Crash Raises Questions on China’s Push to Build High-Speed Passenger Rail Lines


By DAVID BARBOZA and SHARON LaFRANIERE

Published: July 26, 2011





SHANGHAI — The train collision on a high-speed rail line in eastern China last Saturday that killed 39 people and injured 210 others has raised fresh doubts about the safety of one of the largest, most expensive public works projects ever undertaken.

Those concerns come as Beijing is investigating corruption accusations against high-ranking railway officials and allegations that some unqualified companies may have been awarded contracts for part of the $400 billion project.

High-speed rail’s excellent safety record in Europe and in Japan — not a single fatality has occurred in Japan since the technology was introduced in the 1960s — has led some experts to ask if China is moving too swiftly to build about 12,000 miles of track by 2020.

“There appear to have been some irregularities in the high-speed rail program,” said Richard DiBona, a transportation specialist at LLA Consultancy in Hong Kong. “Maybe this was corruption or substandard work, or perhaps things were put into place too fast.”

The government’s only explanation for Saturday’s accident has been that a lightning strike disabled equipment, allowing a train carrying about 550 passengers to strike the rear of another train with more than 1,000 riders on a viaduct near the city of Wenzhou in Zhejiang Province. Eight cars derailed, with four hurtling off a bridge.

Immediately after the accident the government dismissed three more railway officials without explanation, and announced a thorough investigation into its cause. But a news conference scheduled for Tuesday was postponed.

Several rail experts have said they doubt that lightning was the sole cause of the crash. They questioned why safety mechanisms failed to warn or slow the second train.

“This is extremely rare,” said Vukan R. Vuchic, a rail expert at the University of Pennsylvania. “I’ve never heard of lightning doing that, but if it did, everything else would stop too. And the signal system should keep trains at a safe distance.”


In China, a torrent of public criticism continued Tuesday, with bloggers and citizens asking why the government was not more forthcoming about the cause of the crash, why parts of the wreckage were buried at the site and why a toddler was found alive in the wreck even after railway authorities had said there were no further signs of life.

The government moved swiftly to compensate victims’ families, agreeing to pay one family 500,000 renminbi, or more than $77,000, according to the official Xinhua news agency. The government described bonuses of 10,000 renminbi, or more than $1,500, for families who signed compensation agreements quickly.

The state-run news media have played down questions about the cause of the accident, but newspapers published accounts from two railroad employees.

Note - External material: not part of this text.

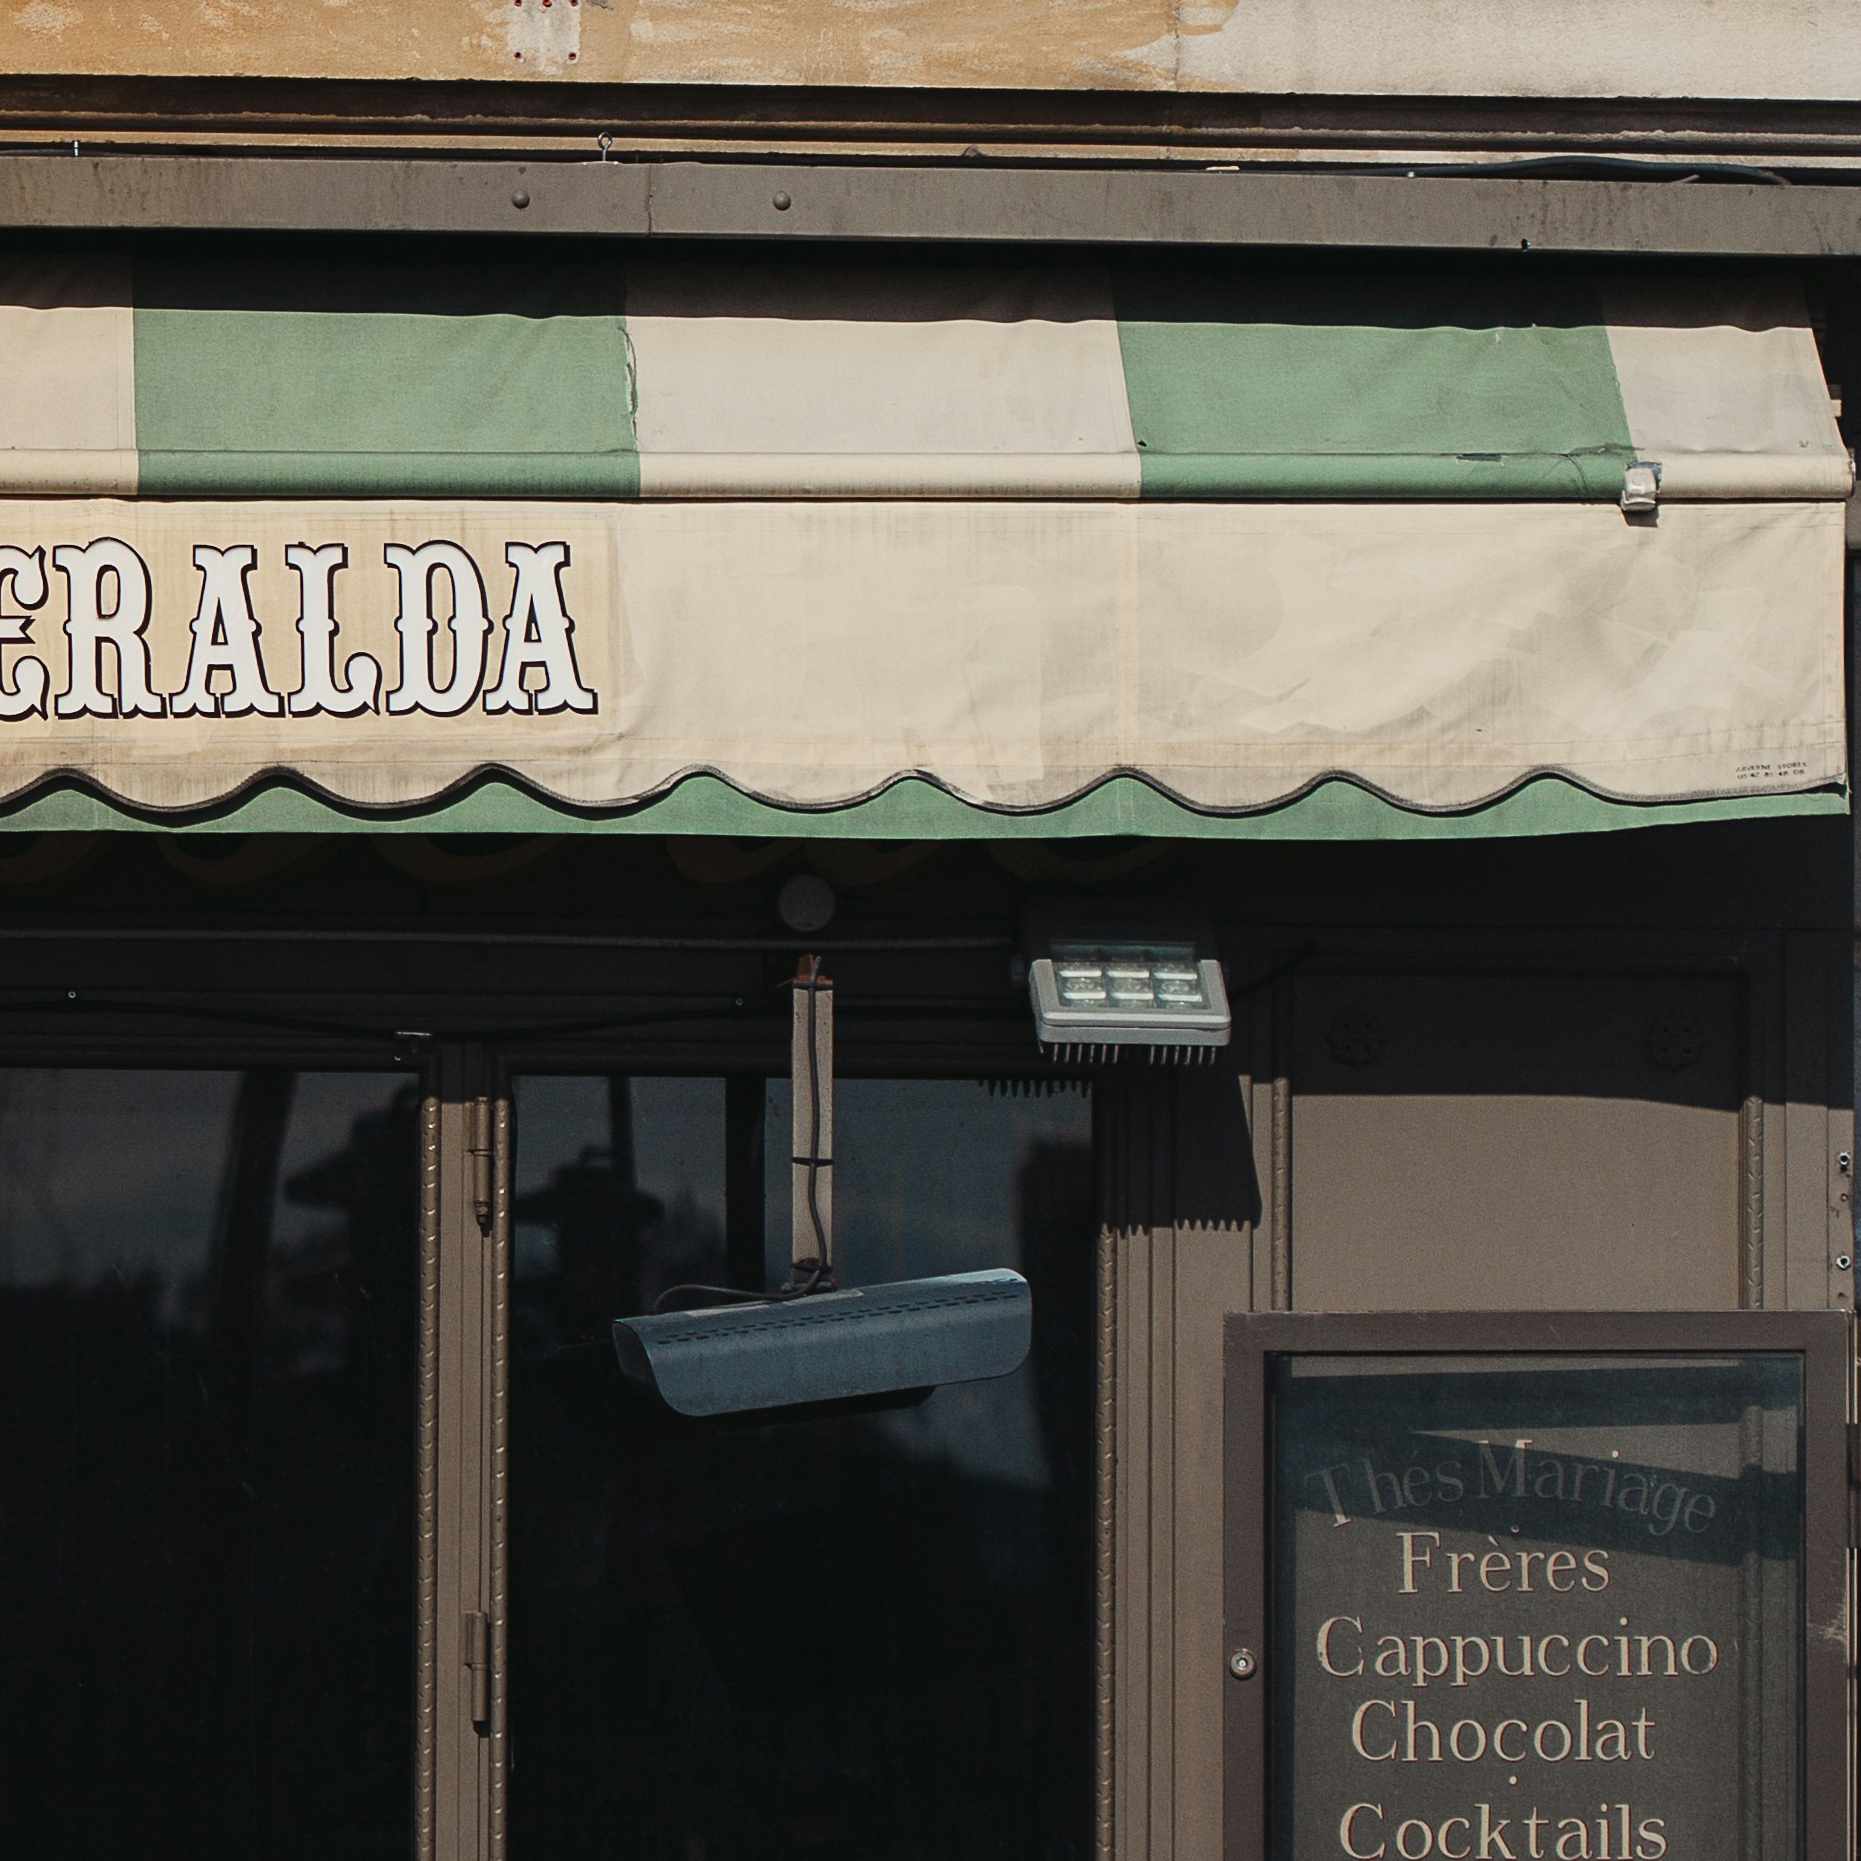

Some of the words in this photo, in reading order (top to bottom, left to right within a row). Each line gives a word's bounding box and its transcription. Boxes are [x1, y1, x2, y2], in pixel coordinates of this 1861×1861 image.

Jiang Xiaomei, identified as the manager of the train that was struck from behind, was quoted by a state-run newspaper as saying that a thunderstorm had forced her train to slow down and to wait about 20 minutes at its previous station. Six minutes after her train left the station, she said, it slowly came to a stop on the tracks and paused for five or six minutes. It had just started moving again when the other train plowed into it.

After being thrown to the ground, she told the newspaper, she got up and tried to contact the engineer and conductor, but the intercom was dead. Half the cars had emergency lighting; the rest were pitch black, she said, so passengers opened their laptops and cellphones for light.

A railway communications officer, identified only as Mr. Liu, told The Beijing Times that after the accident, he was sent to check the communications system of the first train, which was working, he said, raising the question of where the communication breakdown occurred.

A schoolteacher from Fuzhou, Zhu Yalan, 26, said she was traveling in the third car of the second train when it rammed into the first train.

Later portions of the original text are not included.